- [Exercise objective]: Beginning with the line that contains "Some of the text", output each line below exactly through the last one, both included, and nothing else.

- [Material for the task]:
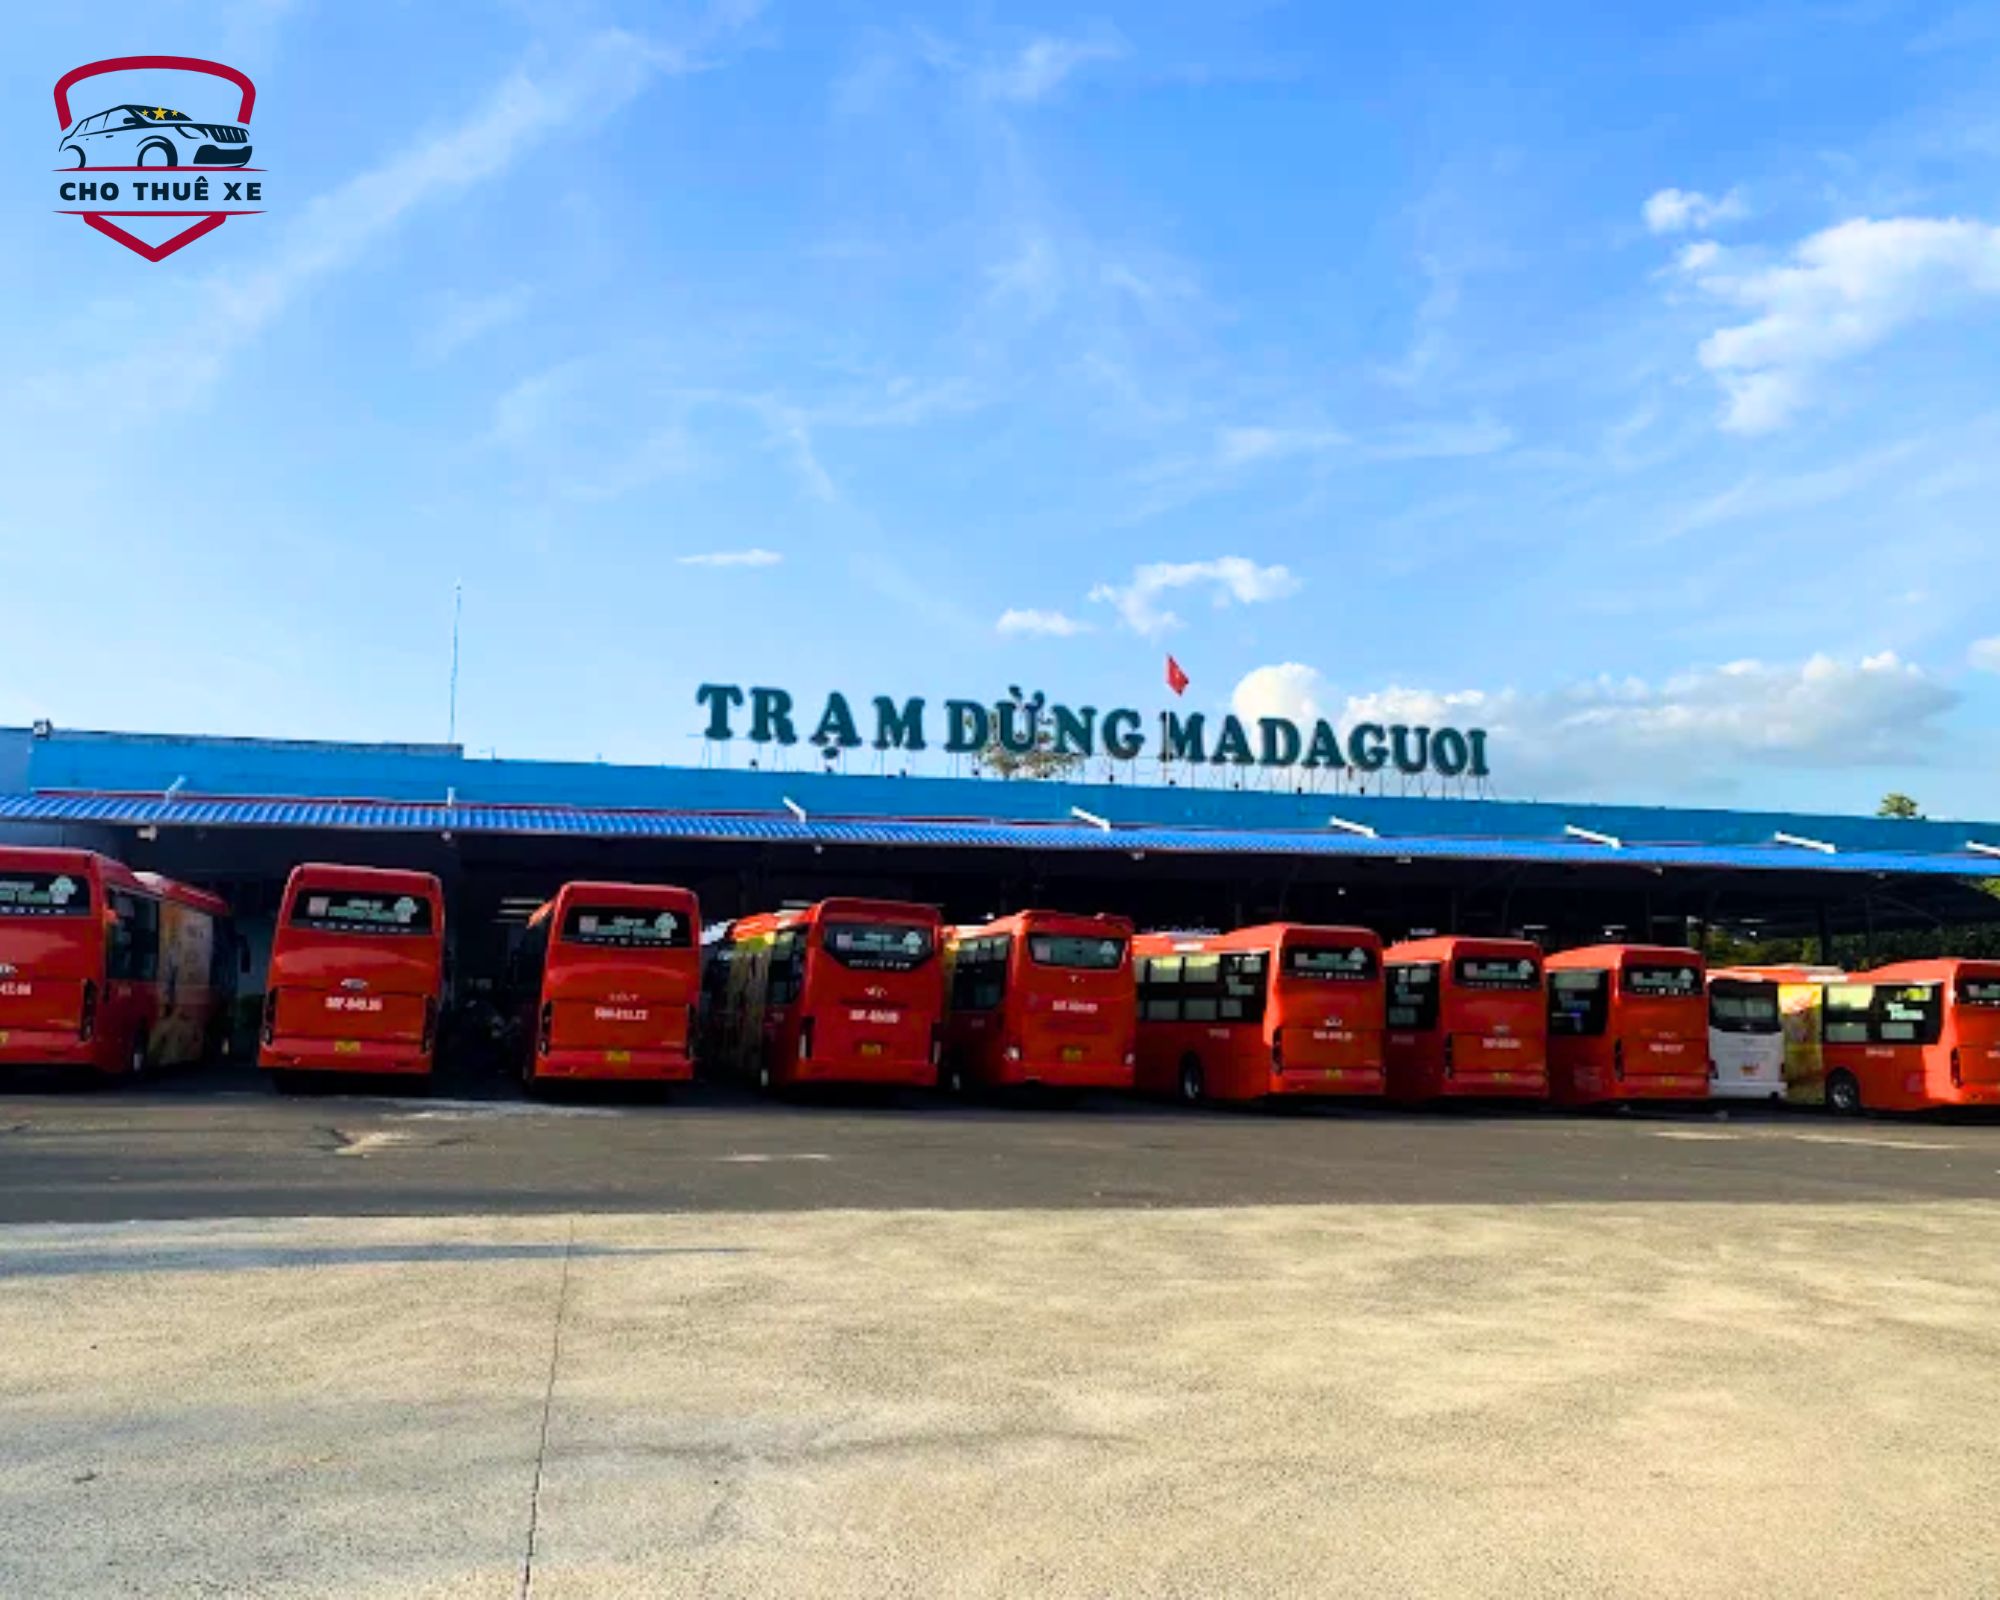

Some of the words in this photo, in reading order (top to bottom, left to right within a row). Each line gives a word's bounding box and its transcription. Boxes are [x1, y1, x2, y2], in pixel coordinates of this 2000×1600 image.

[696, 683, 927, 760] TRẠM
[944, 684, 1145, 761] DỪNG
[1157, 710, 1490, 777] MADAGUOI
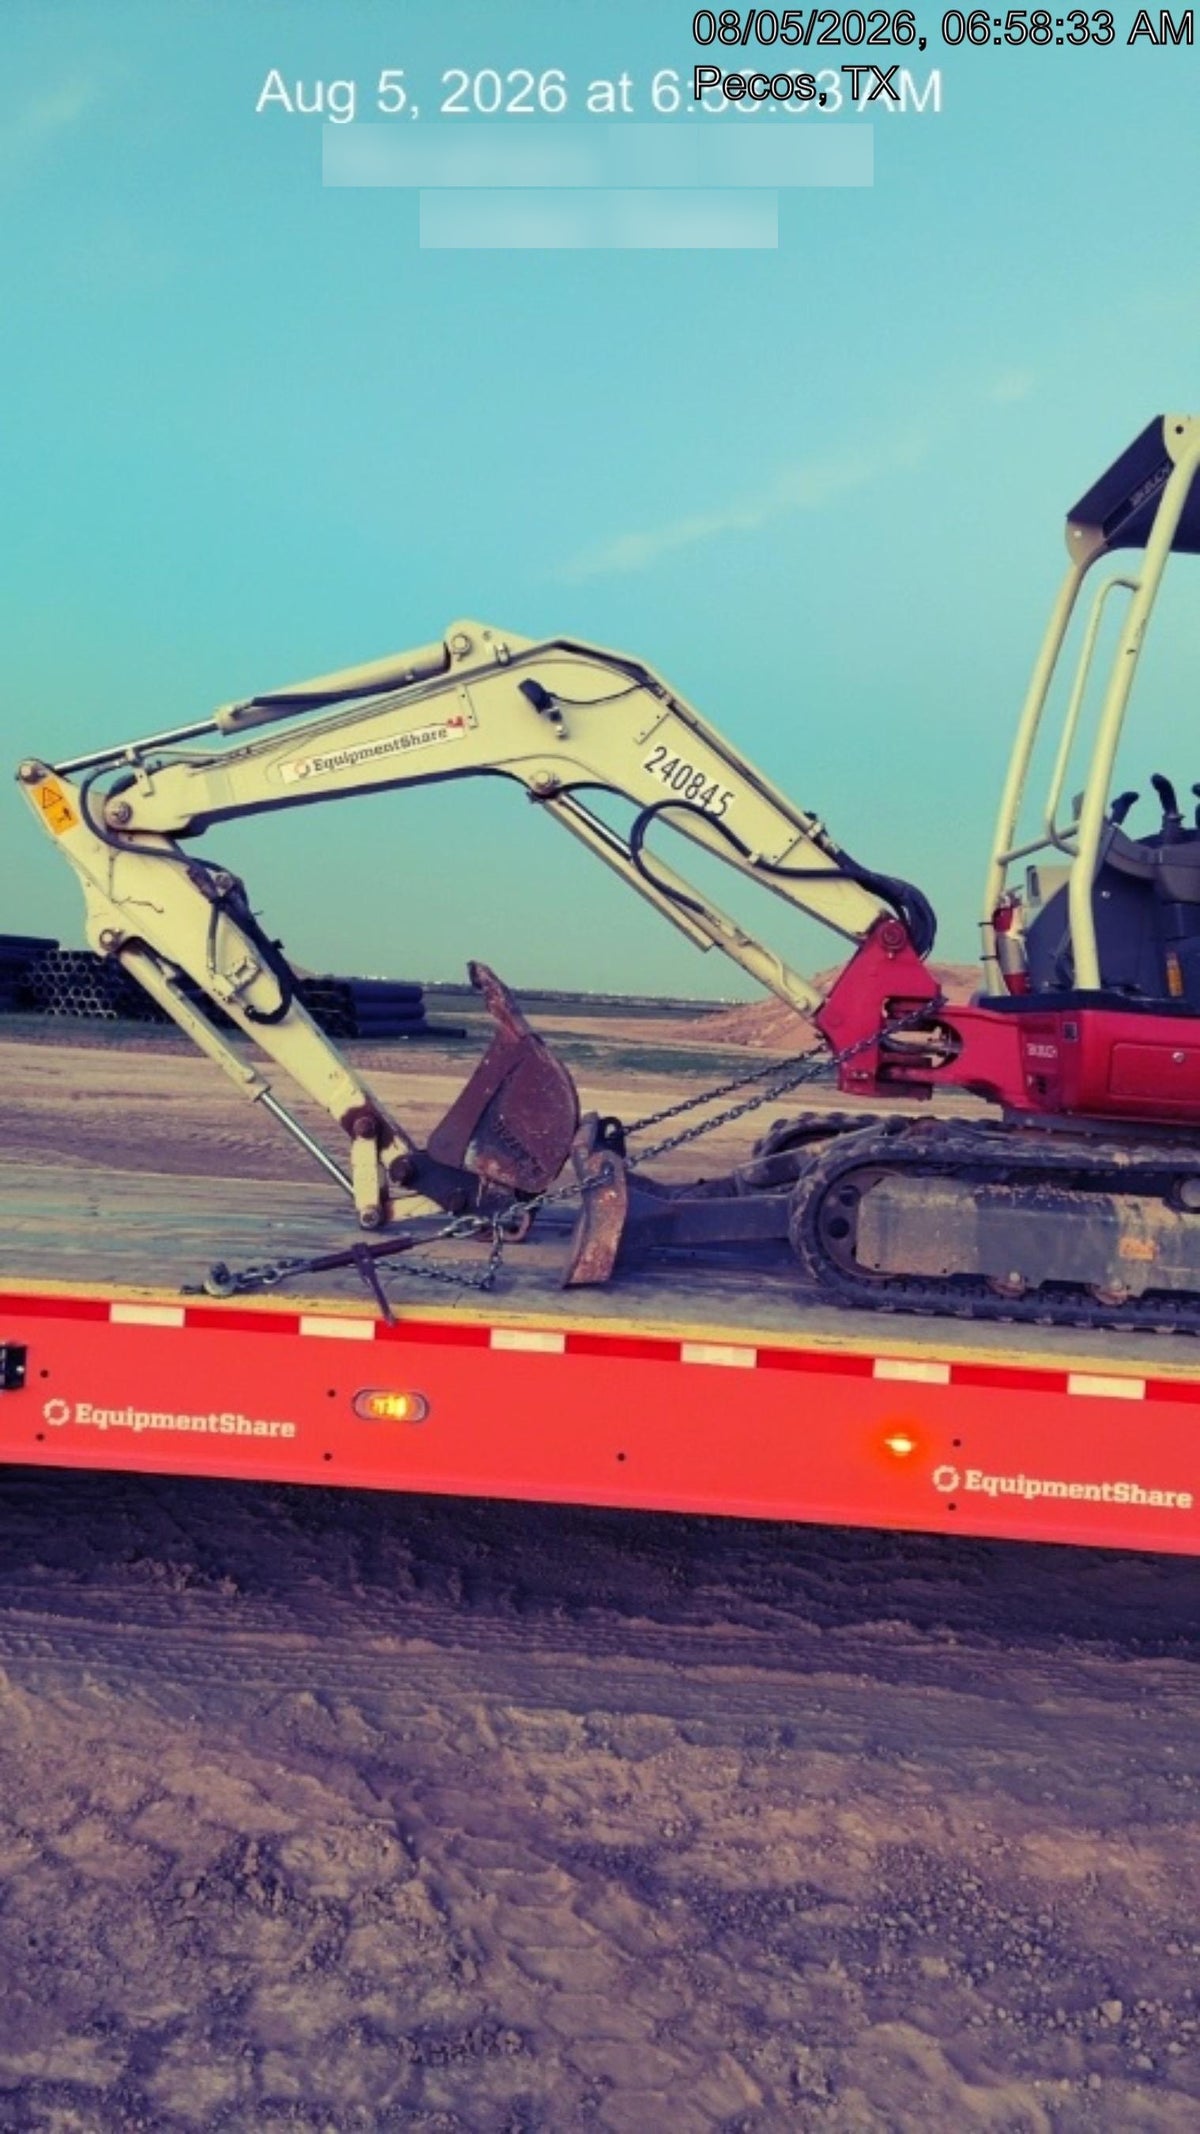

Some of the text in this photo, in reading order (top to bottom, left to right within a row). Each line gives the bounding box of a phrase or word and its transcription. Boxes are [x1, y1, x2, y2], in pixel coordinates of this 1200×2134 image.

[312, 729, 448, 772] EquipmentShare
[643, 745, 736, 818] 240845
[74, 1402, 296, 1439] EquipmentShare
[964, 1468, 1194, 1510] EquipmentShare

- [Reply]:
Some of the text in this photo, in reading order (top to bottom, left to right within a row). Each line gives the bounding box of a phrase or word and its transcription. Boxes are [x1, y1, x2, y2], in pixel coordinates of this 1200×2134 image.

[312, 729, 448, 772] EquipmentShare
[643, 745, 736, 818] 240845
[74, 1402, 296, 1439] EquipmentShare
[964, 1468, 1194, 1510] EquipmentShare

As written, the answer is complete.